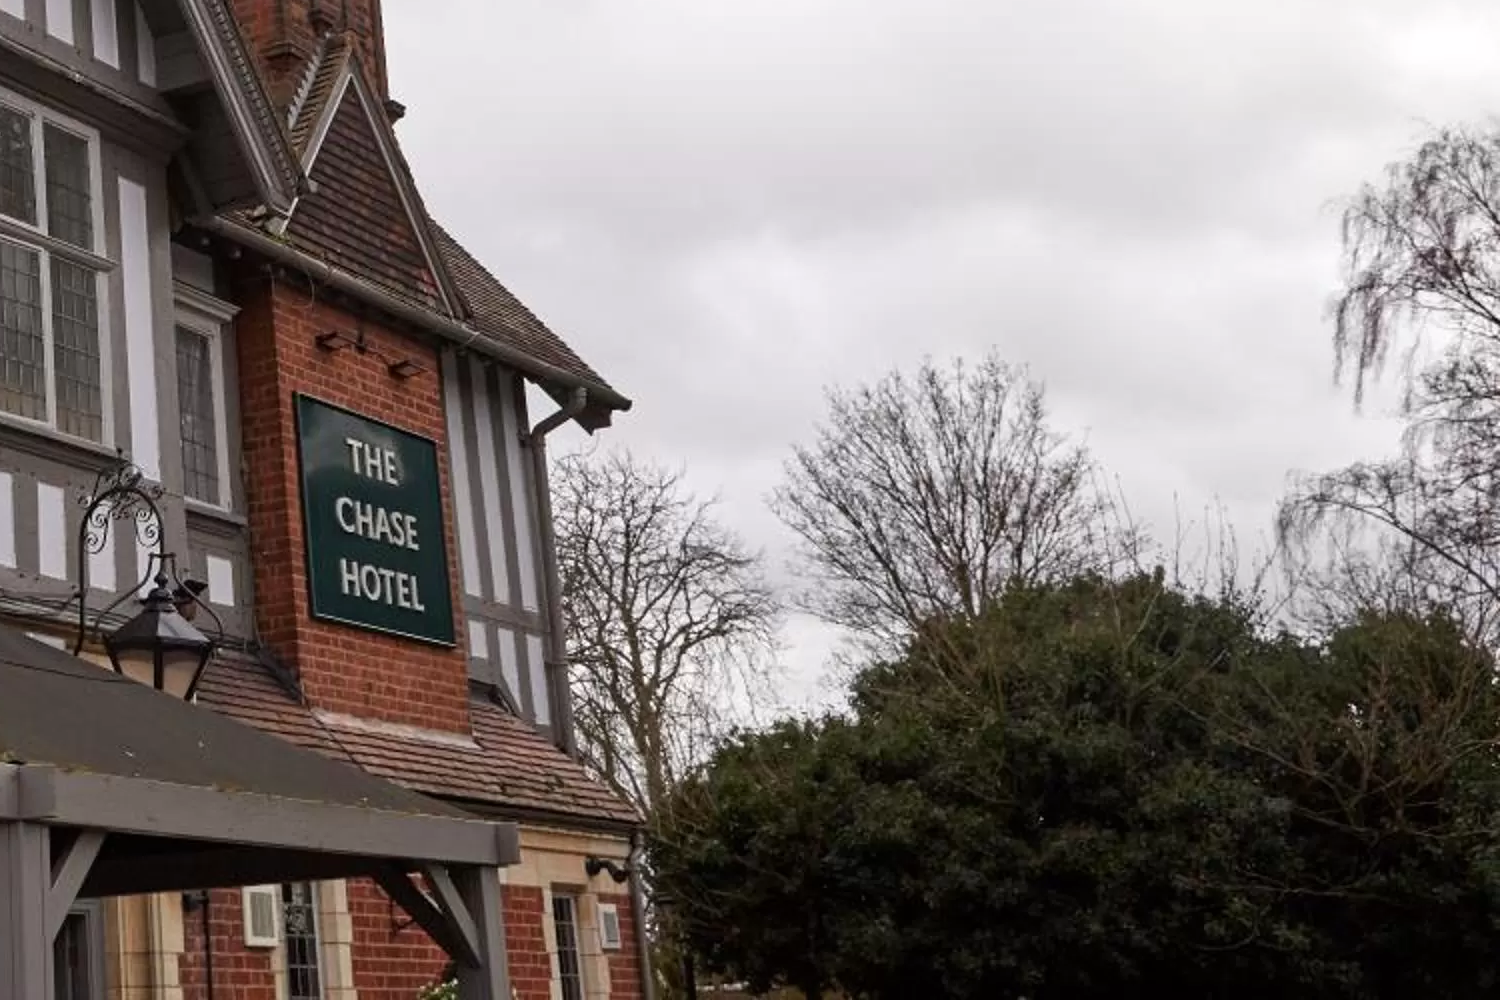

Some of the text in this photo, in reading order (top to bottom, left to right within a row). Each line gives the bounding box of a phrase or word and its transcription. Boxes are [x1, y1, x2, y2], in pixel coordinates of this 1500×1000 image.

[346, 437, 399, 487] THE
[335, 496, 420, 551] CHASE
[339, 558, 425, 612] HOTEL
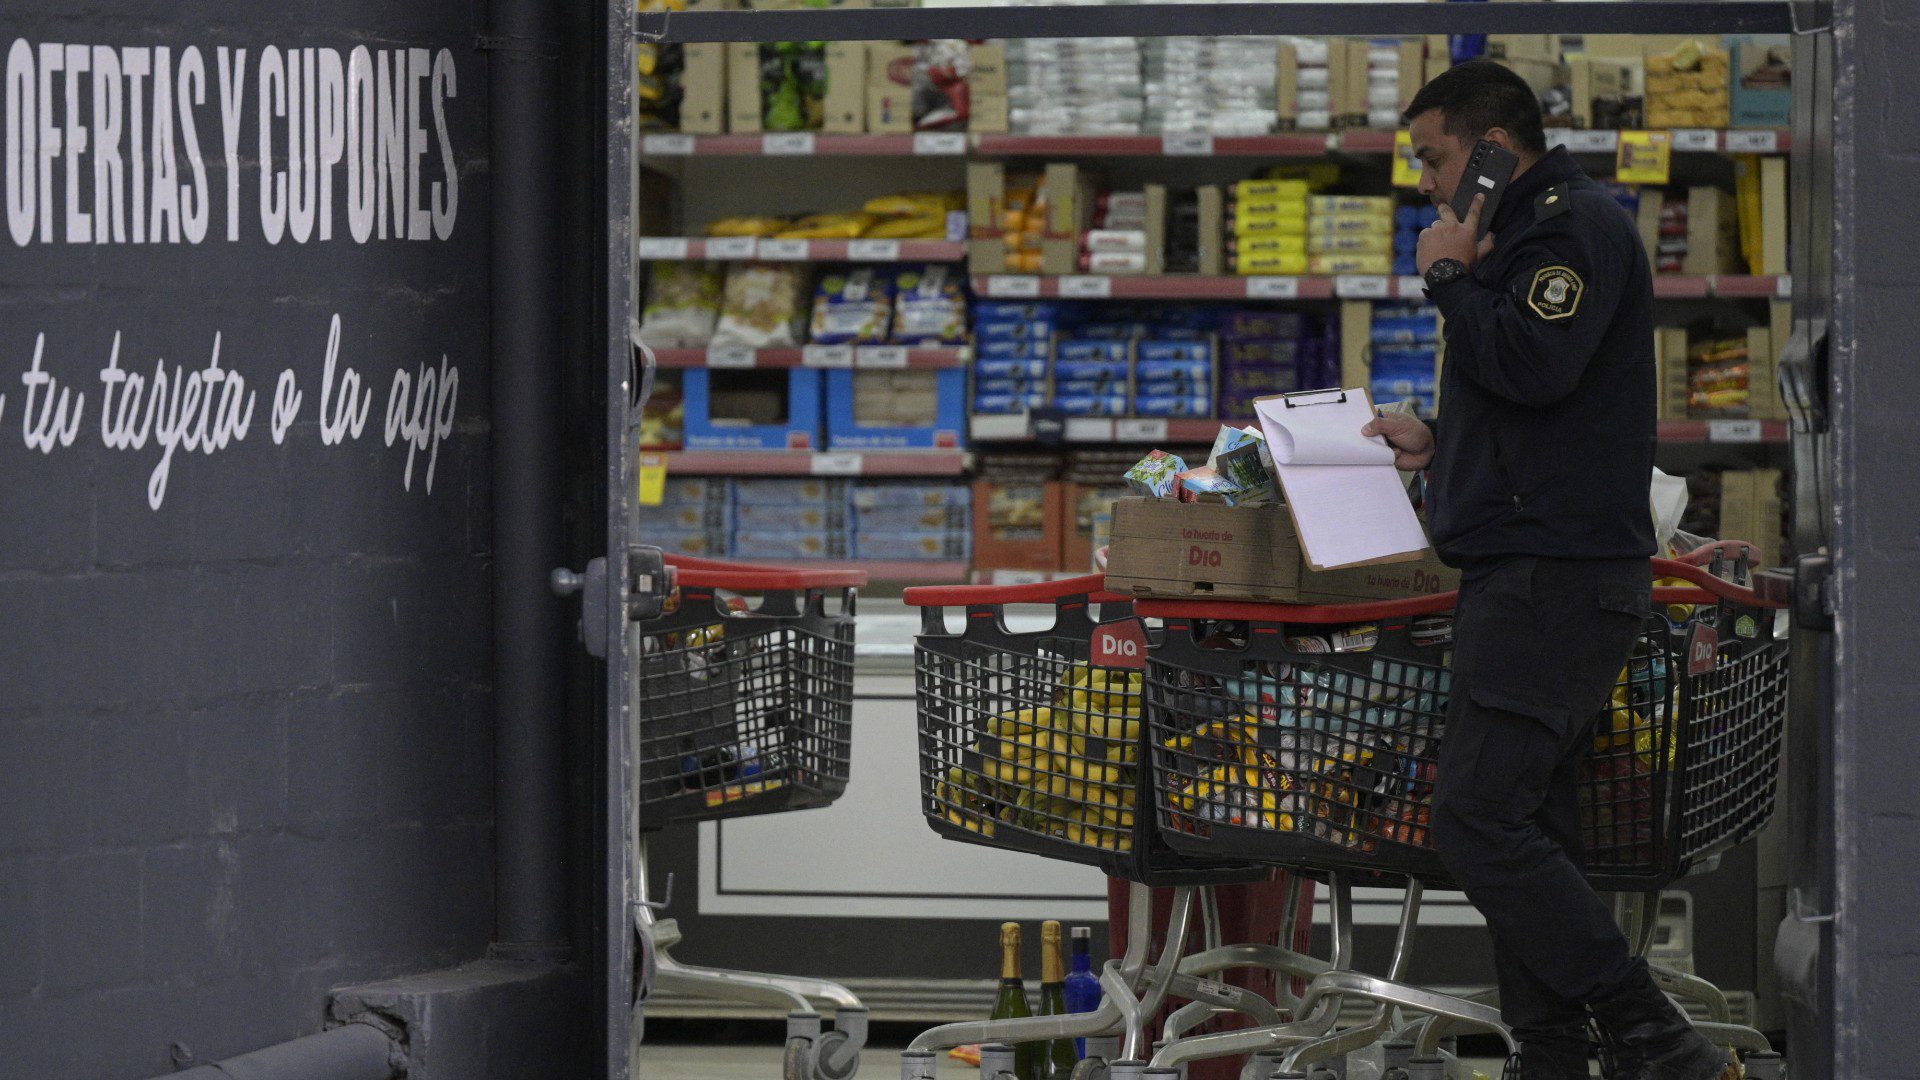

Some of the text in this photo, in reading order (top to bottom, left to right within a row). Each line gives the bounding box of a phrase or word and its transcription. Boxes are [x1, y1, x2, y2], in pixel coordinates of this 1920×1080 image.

[6, 38, 458, 247] OFERTAS Y CUPONES
[21, 313, 458, 511] tu tarjeta o la app
[1183, 528, 1233, 542] La huerta de
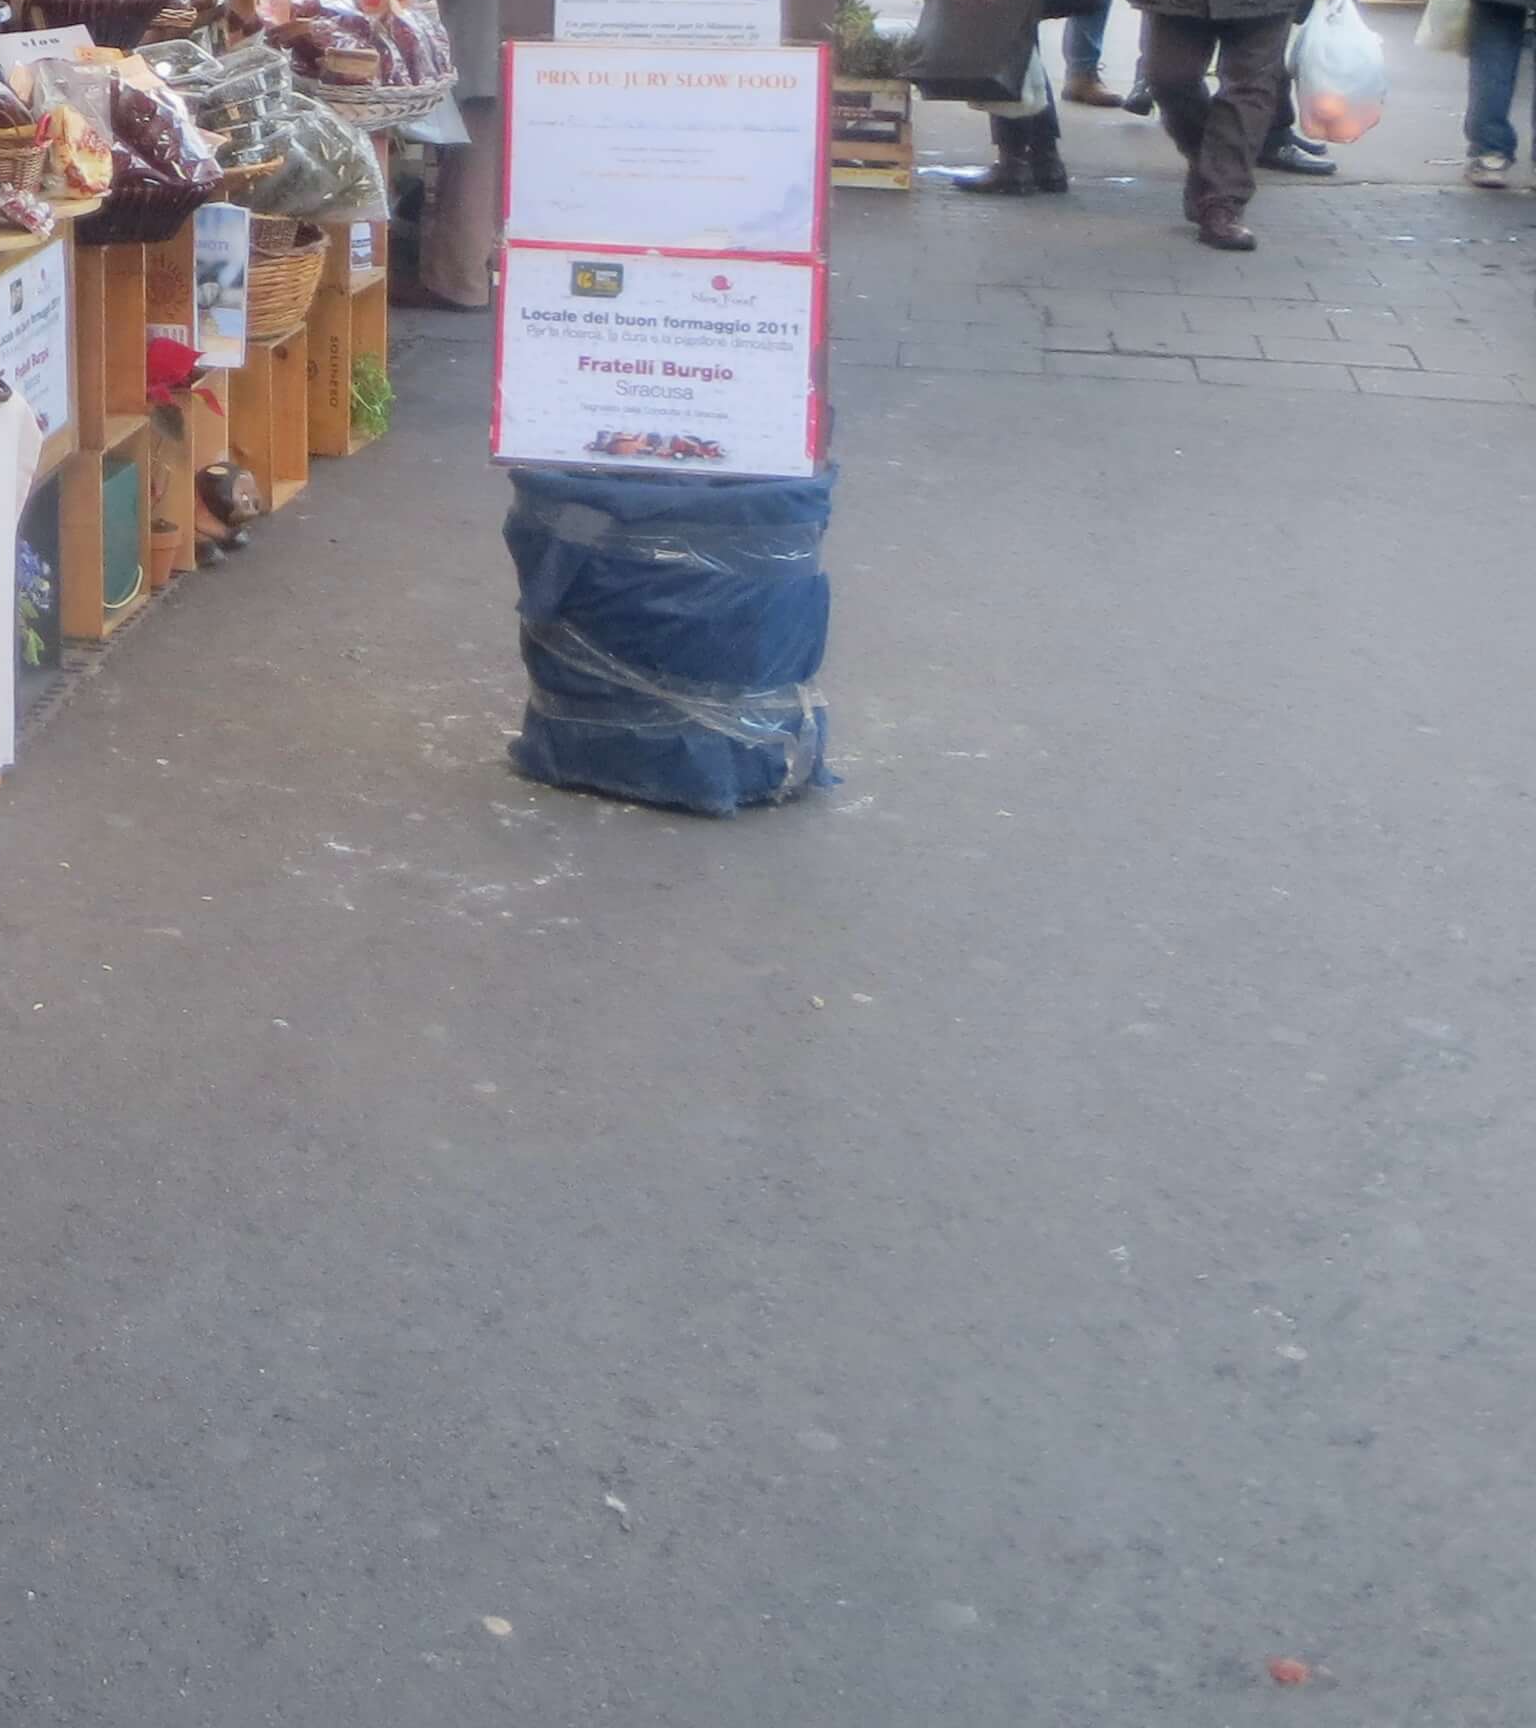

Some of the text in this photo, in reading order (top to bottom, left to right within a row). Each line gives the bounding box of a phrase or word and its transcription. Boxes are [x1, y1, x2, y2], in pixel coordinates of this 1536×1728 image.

[536, 71, 796, 89] PRIX DU JURY SLOW FOOD
[521, 307, 800, 335] Locale del buon formaggio 2011
[578, 355, 734, 382] Fratelli Burgio
[616, 379, 695, 400] Siracusa
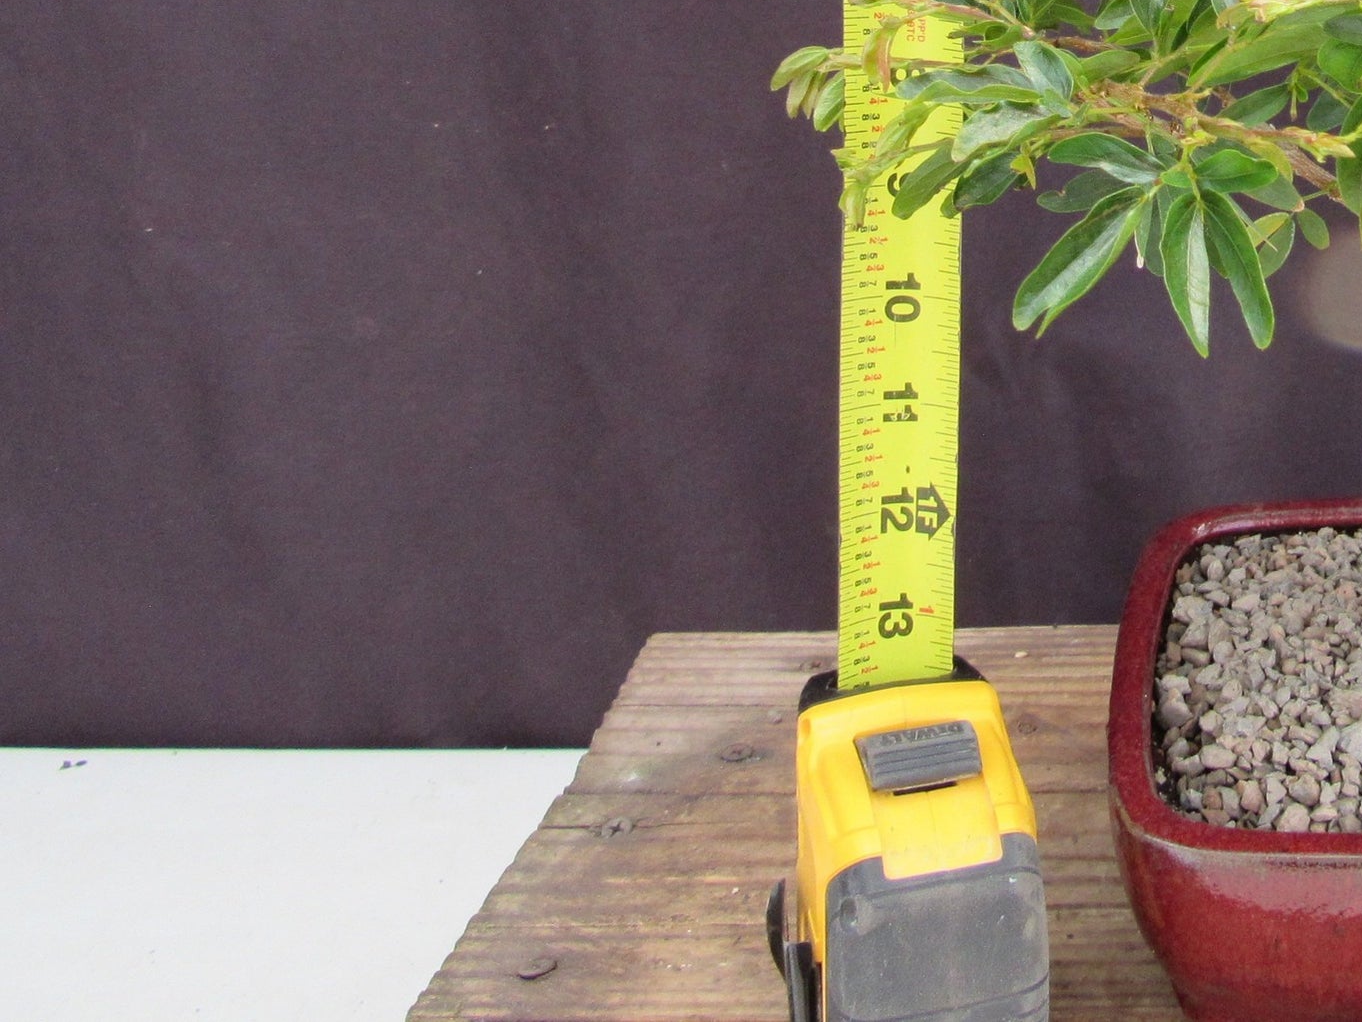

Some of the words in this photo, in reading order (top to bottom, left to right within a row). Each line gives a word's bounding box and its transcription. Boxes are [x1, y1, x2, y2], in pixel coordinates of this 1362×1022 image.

[884, 272, 921, 323] 10
[882, 382, 919, 423] 11
[880, 487, 914, 534] 12
[878, 592, 914, 639] 13

==================================================

_Exercise goal_: Quote exactly the lines from the one that contains "this 1536×1728 image." through the end of the listing above, both ends included, leaving out the pictures.

_Response to this task_:
Some of the text in this photo, in reading order (top to bottom, left to right within a row). Each line gives the bounding box of a phrase or word and its transcription. Boxes are [x1, y1, x2, y2], in pixel coordinates of this 1536×1728 image.

[536, 71, 796, 89] PRIX DU JURY SLOW FOOD
[521, 307, 800, 335] Locale del buon formaggio 2011
[578, 355, 734, 382] Fratelli Burgio
[616, 379, 695, 400] Siracusa

Some of the words in this photo, in reading order (top to bottom, left to right within a row). Each line gives a word's bounding box and its transcription. Boxes are [x1, y1, x2, y2], in pixel coordinates of this 1362×1022 image.

[884, 272, 921, 323] 10
[882, 382, 919, 423] 11
[880, 487, 914, 534] 12
[878, 592, 914, 639] 13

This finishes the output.